- Exercise objective: So that the copy stays text only, transcribe the data below exactly and exclude the images.

-- -- --

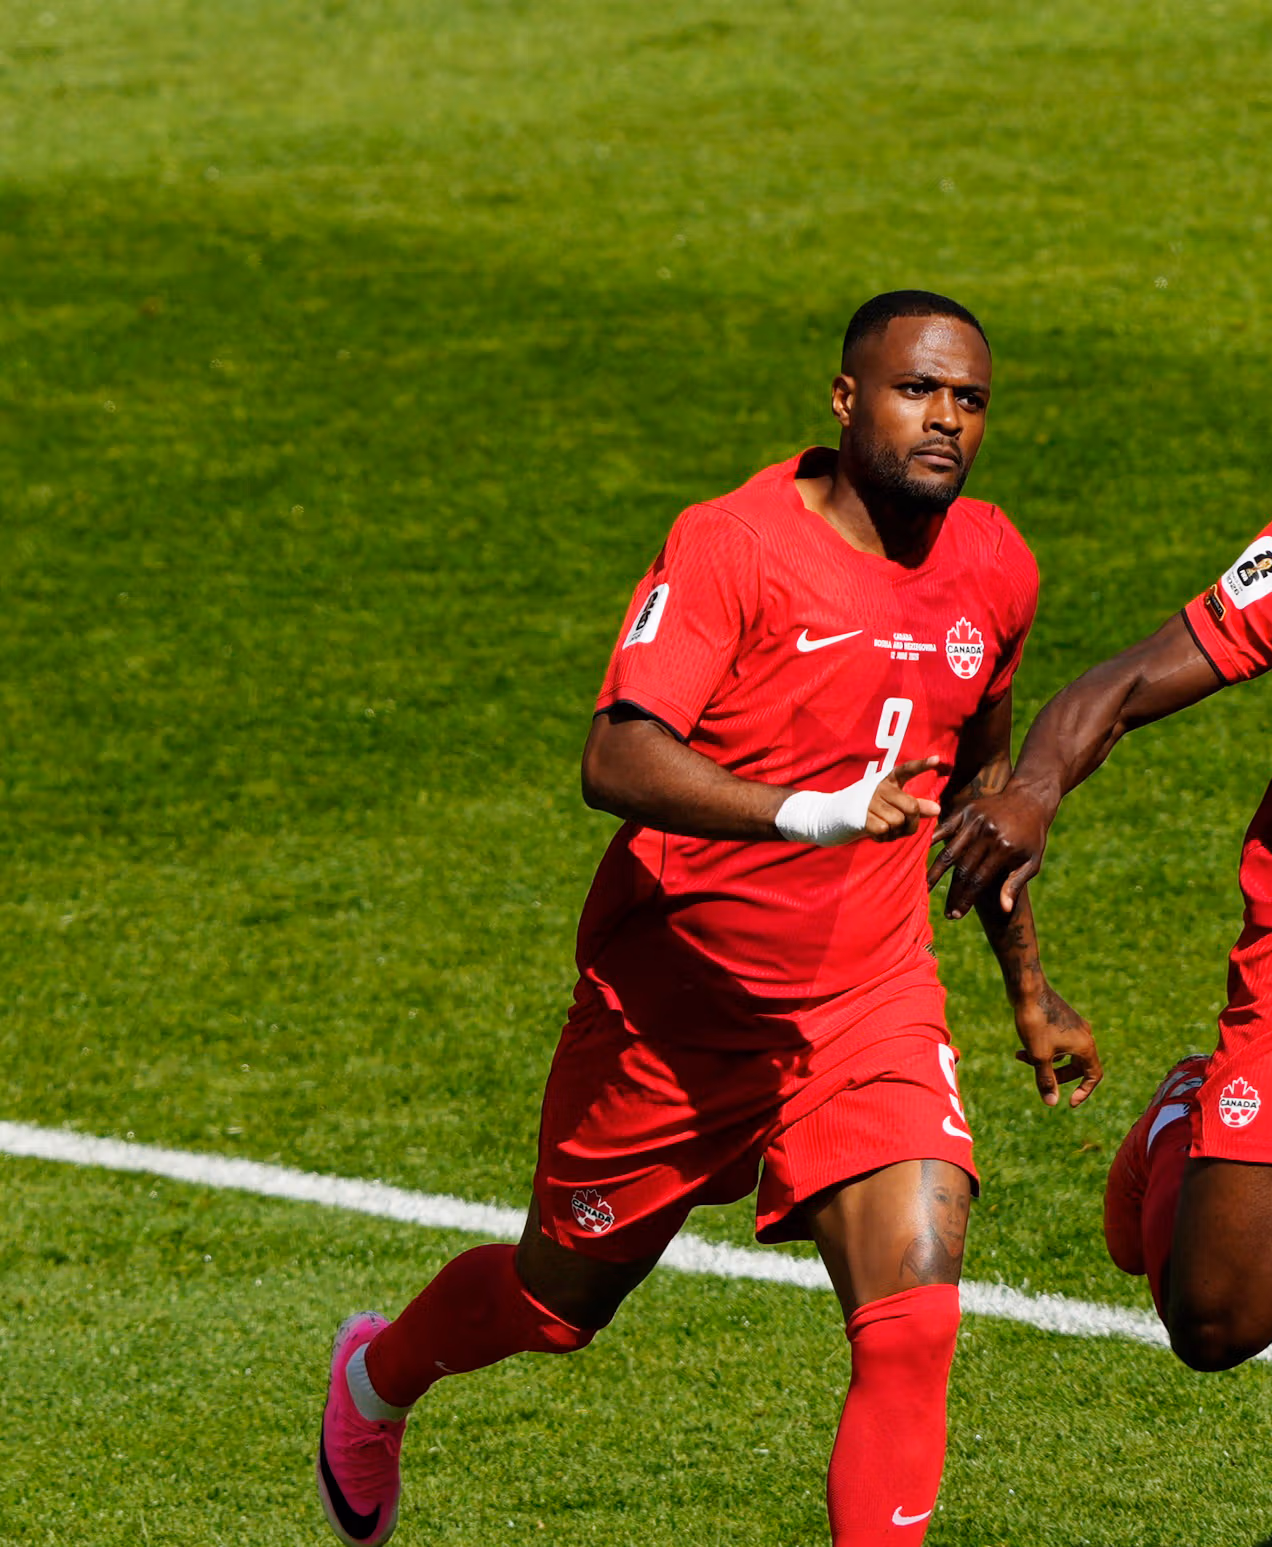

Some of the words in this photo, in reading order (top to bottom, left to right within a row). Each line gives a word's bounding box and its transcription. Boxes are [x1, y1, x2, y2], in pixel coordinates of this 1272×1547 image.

[947, 645, 982, 655] CANADA
[862, 697, 914, 781] 9
[1220, 1099, 1257, 1109] CANADA
[572, 1199, 612, 1222] CANADA

-- -- --

- Response for this exercise:
Some of the words in this photo, in reading order (top to bottom, left to right within a row). Each line gives a word's bounding box and its transcription. Boxes are [x1, y1, x2, y2], in pixel coordinates of this 1272×1547 image.

[947, 645, 982, 655] CANADA
[862, 697, 914, 781] 9
[1220, 1099, 1257, 1109] CANADA
[572, 1199, 612, 1222] CANADA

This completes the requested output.